● **AIM OF THE EXERCISE**:
Your answer should consist only of the lines from the line containing "this 1158×1544 image." through the last line below, each repeated exactly.

(Extracted data entries)
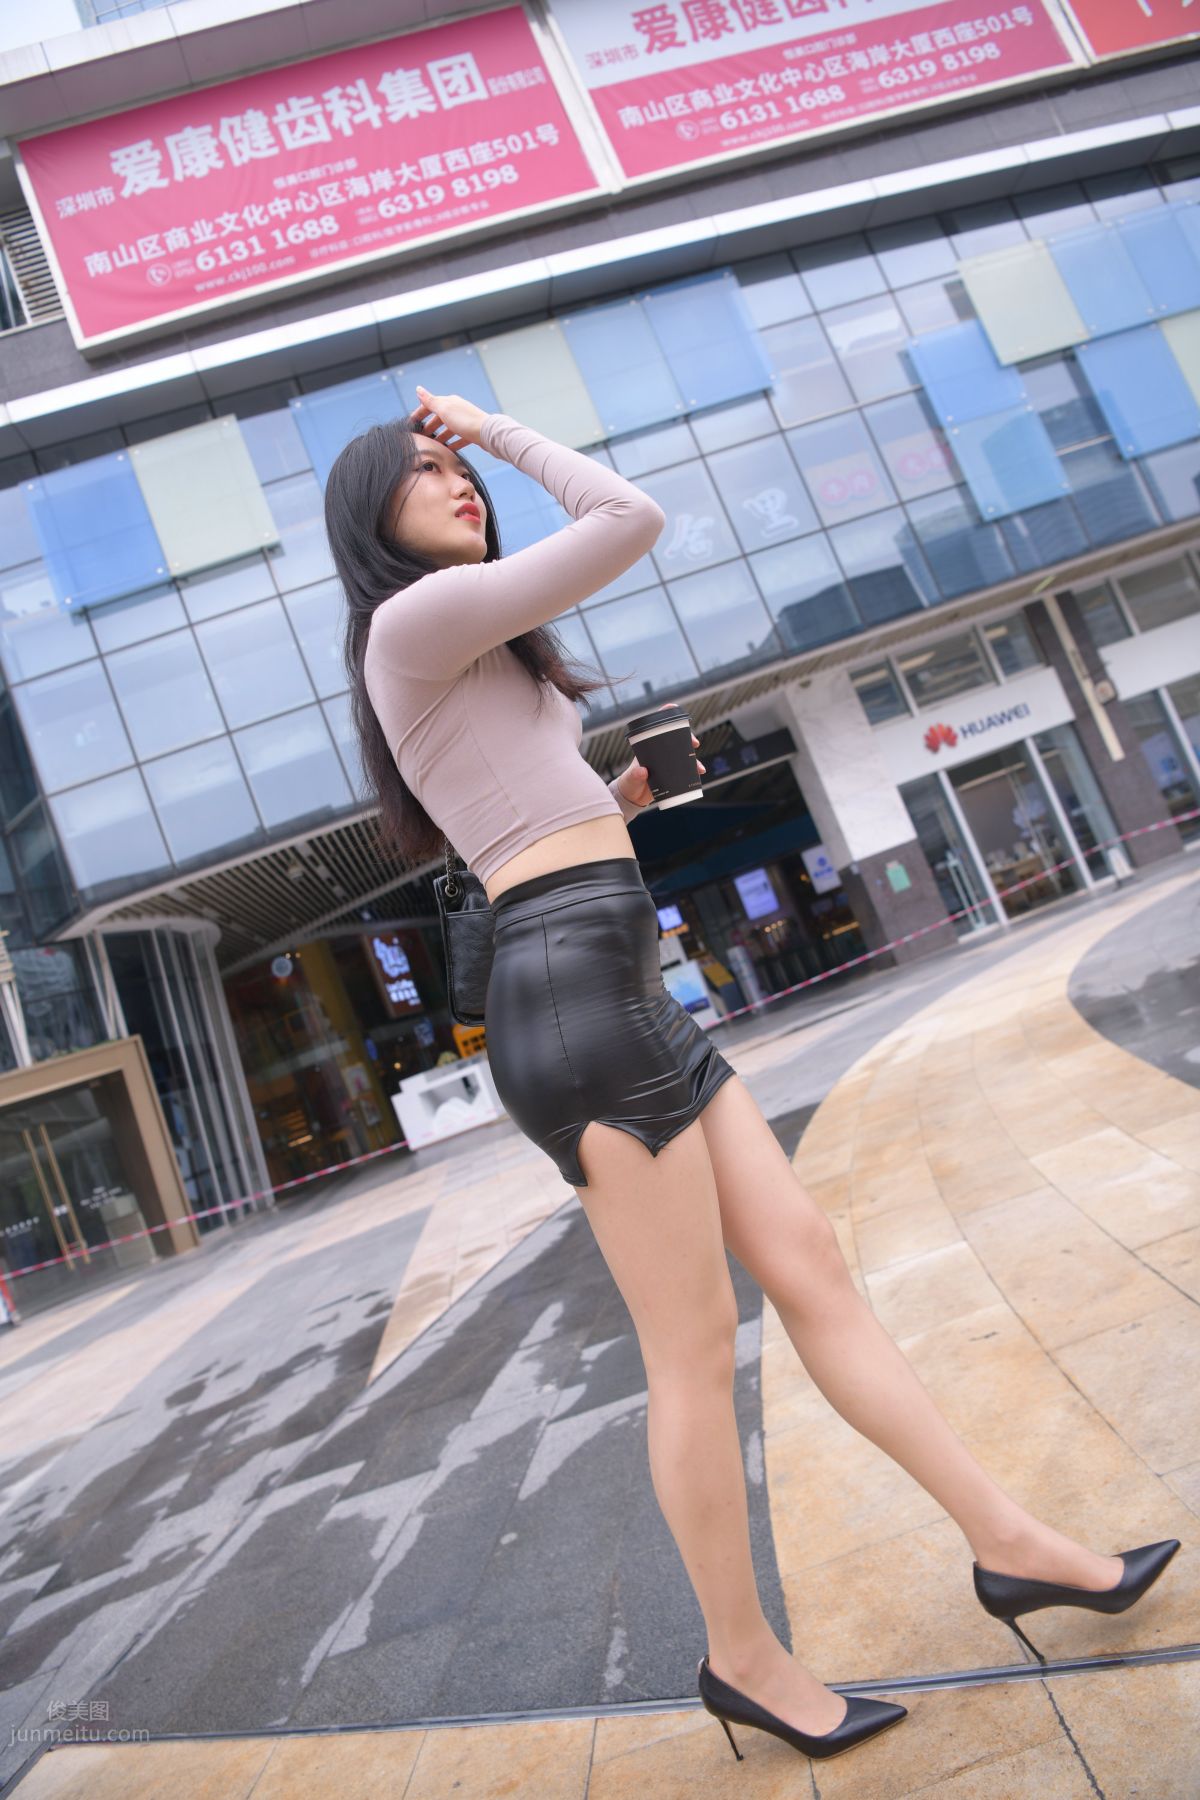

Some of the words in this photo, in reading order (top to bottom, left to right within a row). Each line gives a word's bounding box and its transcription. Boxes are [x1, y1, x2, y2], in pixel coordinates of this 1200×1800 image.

[584, 43, 640, 69] 深圳市
[617, 6, 1034, 129] 南山区商业文化中心区海岸大厦西座501号
[720, 101, 782, 130] 6131
[786, 84, 847, 114] 1688
[878, 60, 937, 89] 6319
[941, 42, 1002, 71] 8198
[55, 185, 116, 219] 深圳市
[109, 51, 490, 199] 爱康健齿科集团
[83, 122, 560, 278] 南山区商业文化中心区海岸大厦西座501号
[195, 235, 266, 272] 6131
[271, 214, 340, 250] 1688
[377, 184, 446, 219] 6319
[450, 164, 520, 199] 8198
[960, 702, 1031, 739] HUAWEI
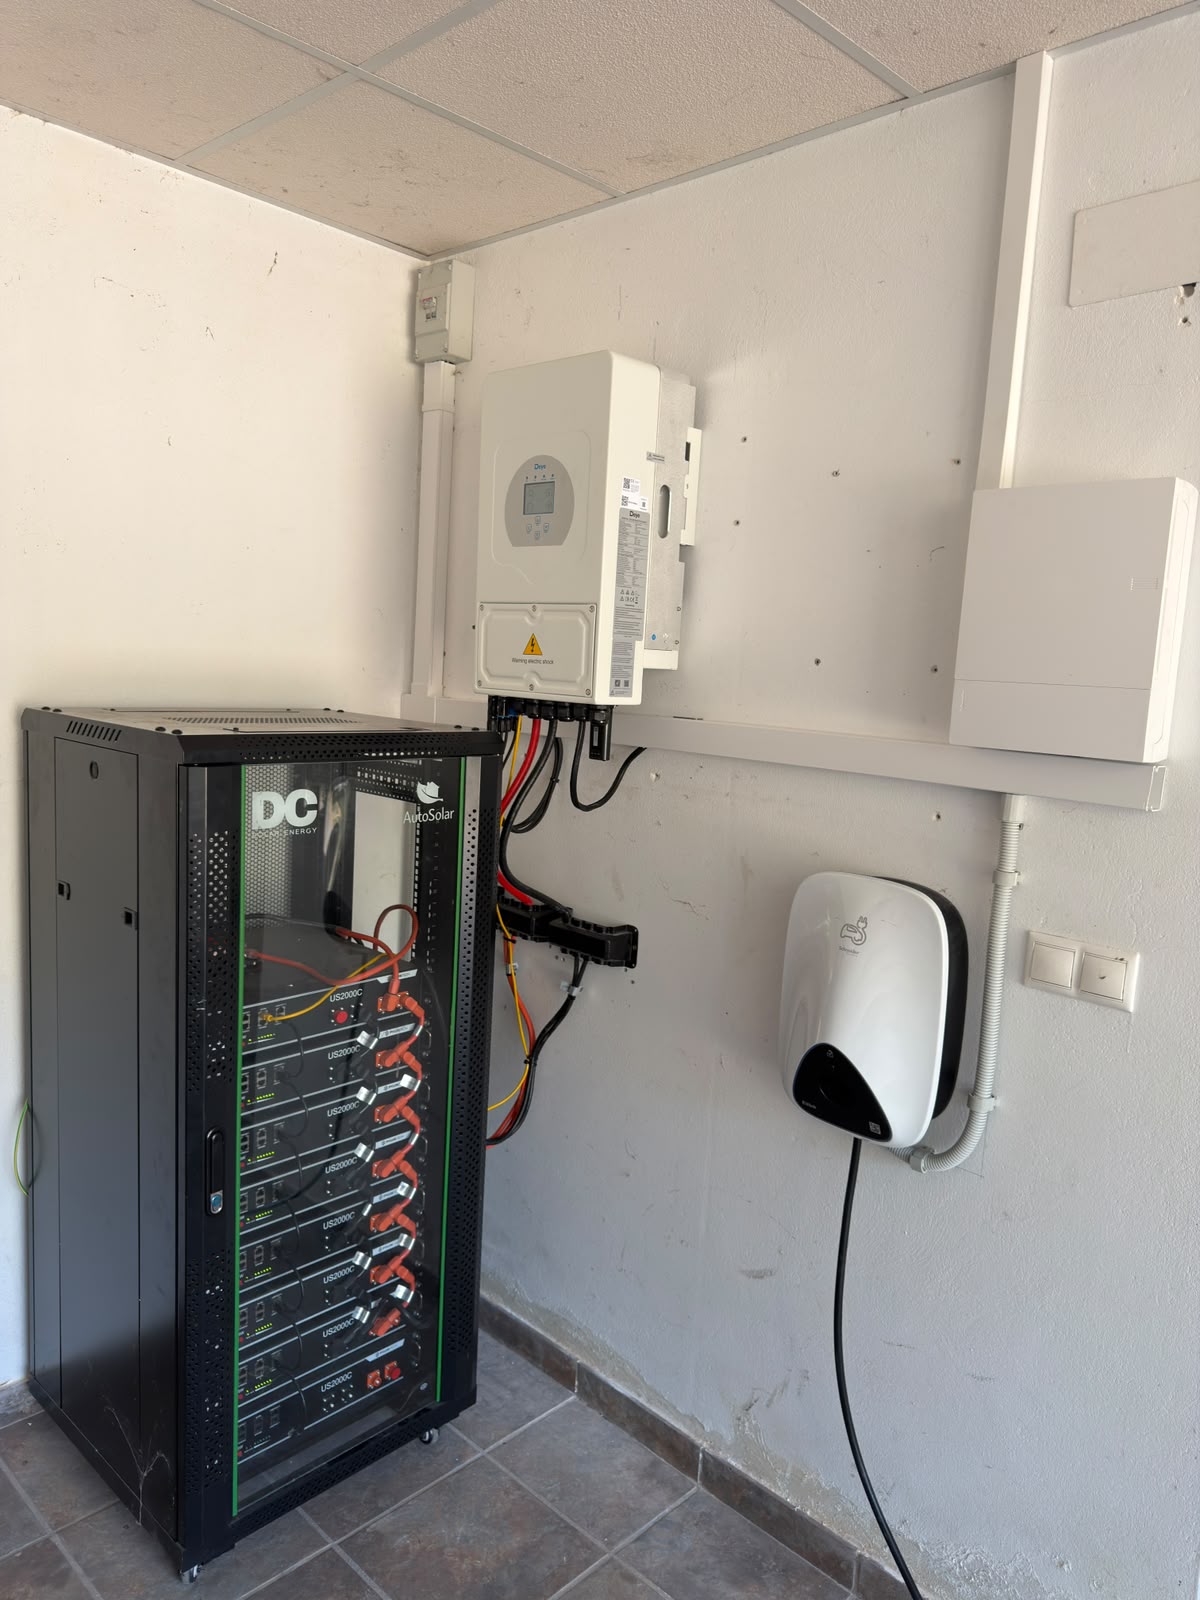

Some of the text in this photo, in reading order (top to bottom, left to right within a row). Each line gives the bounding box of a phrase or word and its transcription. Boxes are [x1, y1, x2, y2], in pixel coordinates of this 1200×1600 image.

[252, 788, 318, 830] DC
[403, 808, 454, 824] AutoSolar
[284, 827, 318, 836] ENERGY
[329, 989, 363, 1003] US2000C
[328, 1045, 361, 1060] US2000C
[327, 1101, 360, 1117] US2000C
[325, 1156, 358, 1174] US2000C
[323, 1211, 355, 1230] US2000C
[323, 1265, 355, 1284] US2000C
[322, 1318, 354, 1338] US2000C
[321, 1371, 353, 1392] US2000C
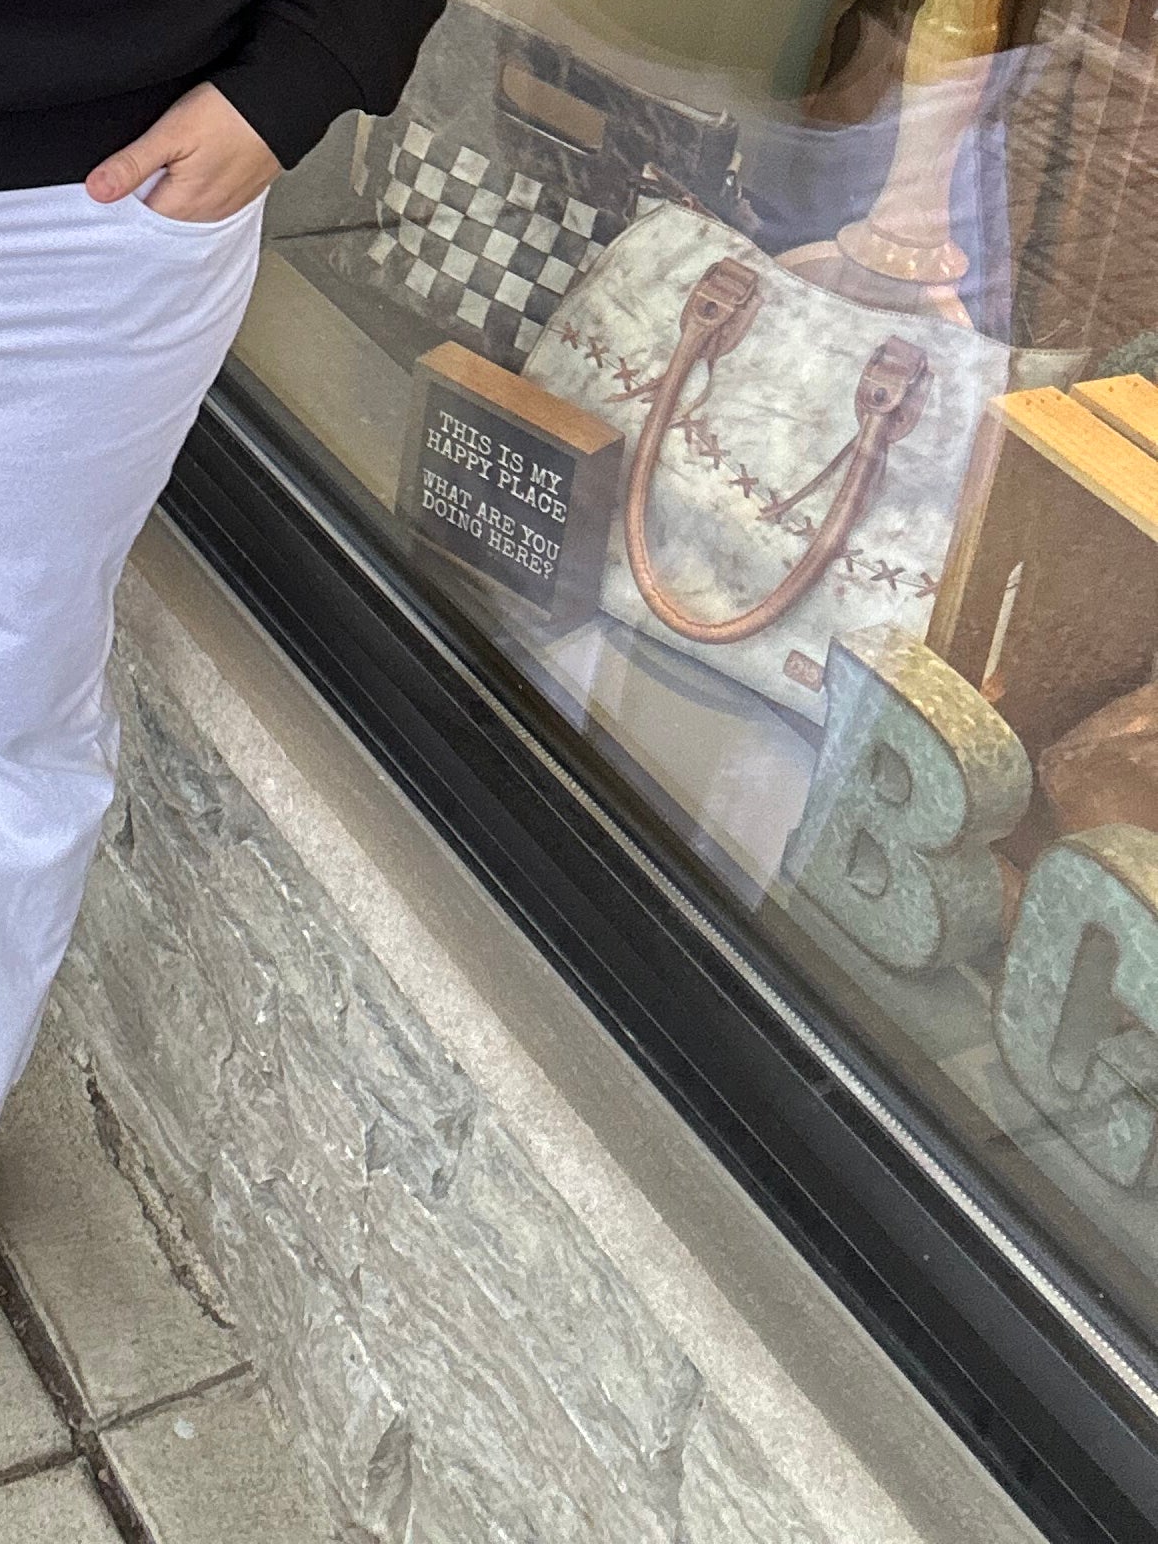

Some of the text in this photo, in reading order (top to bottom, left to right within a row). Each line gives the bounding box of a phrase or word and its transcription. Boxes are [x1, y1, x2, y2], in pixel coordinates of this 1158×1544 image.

[426, 427, 567, 523] HAPPY PLACE
[439, 410, 563, 496] THIS IS MY
[422, 468, 560, 561] WHAT ARE YOU
[422, 489, 555, 580] DOING HERE?

● **RESULT FOR THIS TASK**:
Some of the text in this photo, in reading order (top to bottom, left to right within a row). Each line gives the bounding box of a phrase or word and its transcription. Boxes are [x1, y1, x2, y2], in pixel coordinates of this 1158×1544 image.

[426, 427, 567, 523] HAPPY PLACE
[439, 410, 563, 496] THIS IS MY
[422, 468, 560, 561] WHAT ARE YOU
[422, 489, 555, 580] DOING HERE?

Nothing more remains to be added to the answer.